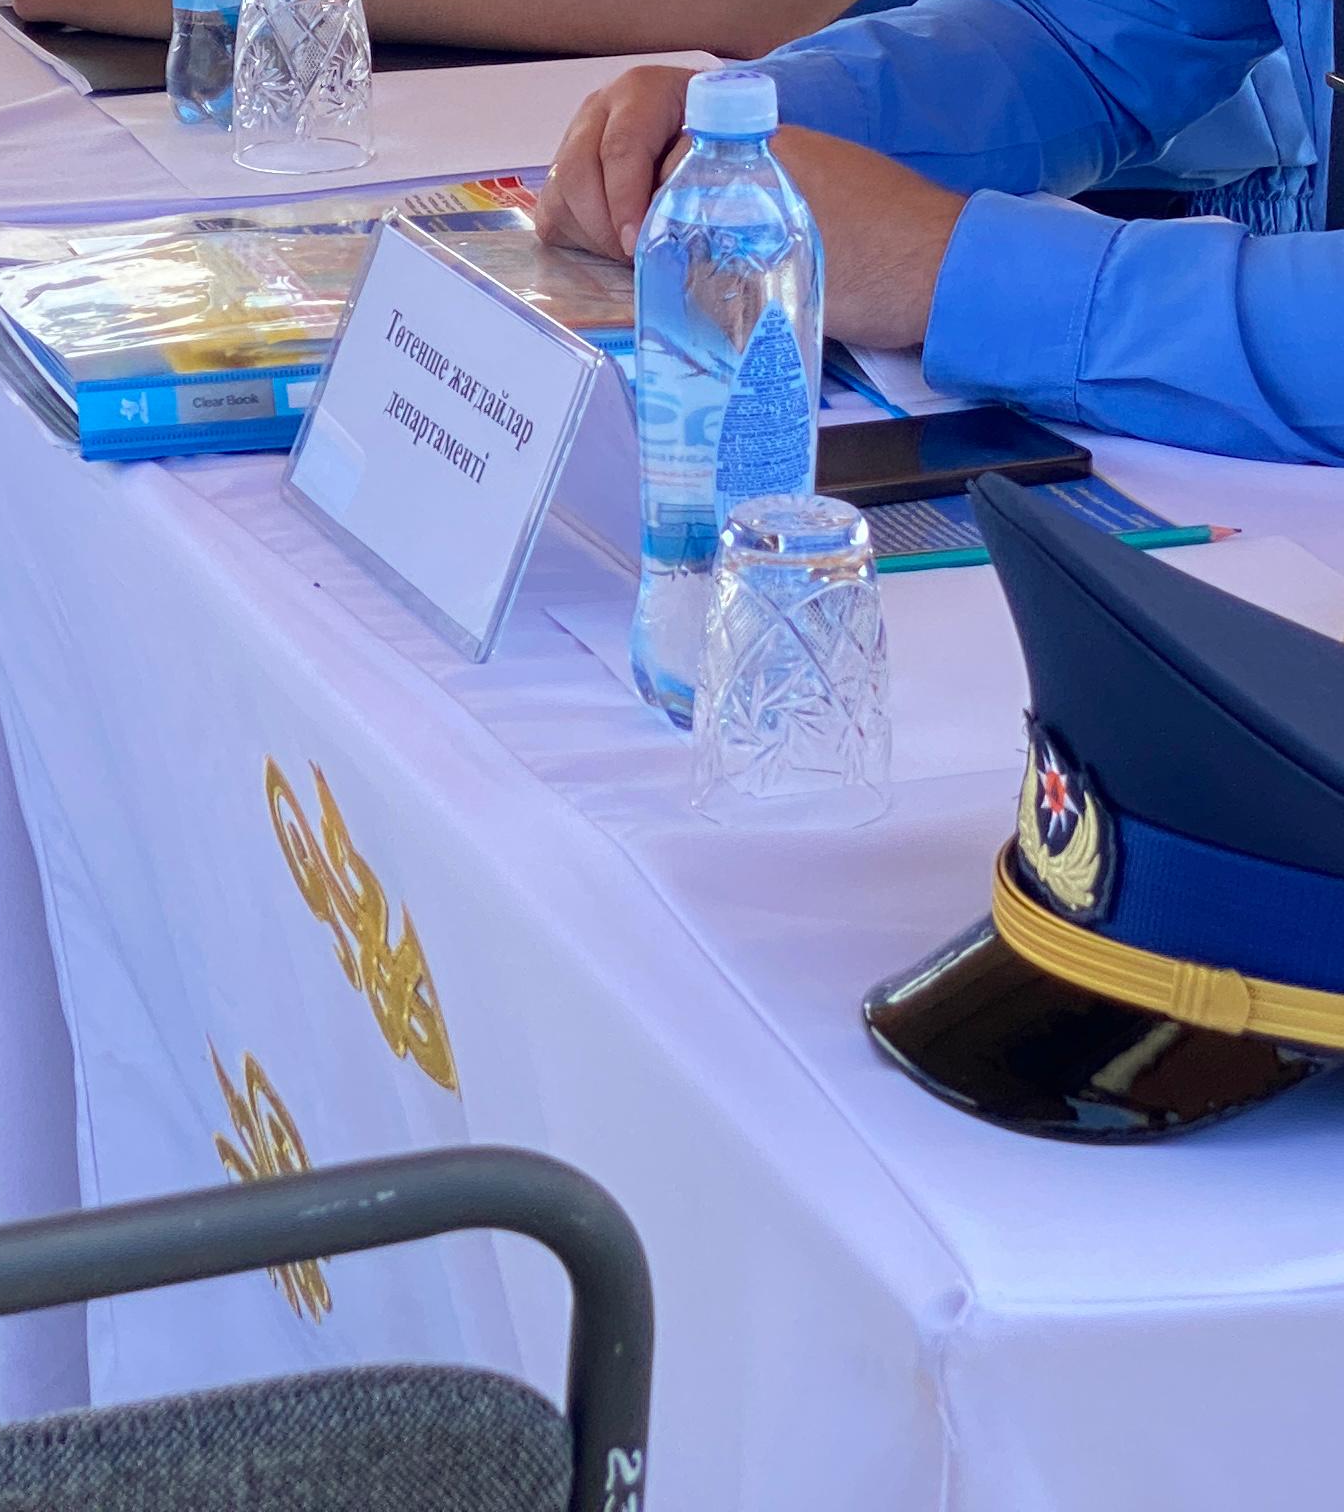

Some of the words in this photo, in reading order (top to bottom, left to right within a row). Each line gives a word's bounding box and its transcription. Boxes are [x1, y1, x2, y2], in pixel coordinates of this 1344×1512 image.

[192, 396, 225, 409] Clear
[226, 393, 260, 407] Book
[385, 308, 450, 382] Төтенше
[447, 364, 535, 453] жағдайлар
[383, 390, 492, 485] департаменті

____

**What you have to do:** Without the pictures, write out the entire listing exactly.

**Response to this task:**
Some of the words in this photo, in reading order (top to bottom, left to right within a row). Each line gives a word's bounding box and its transcription. Boxes are [x1, y1, x2, y2], in pixel coordinates of this 1344×1512 image.

[192, 396, 225, 409] Clear
[226, 393, 260, 407] Book
[385, 308, 450, 382] Төтенше
[447, 364, 535, 453] жағдайлар
[383, 390, 492, 485] департаменті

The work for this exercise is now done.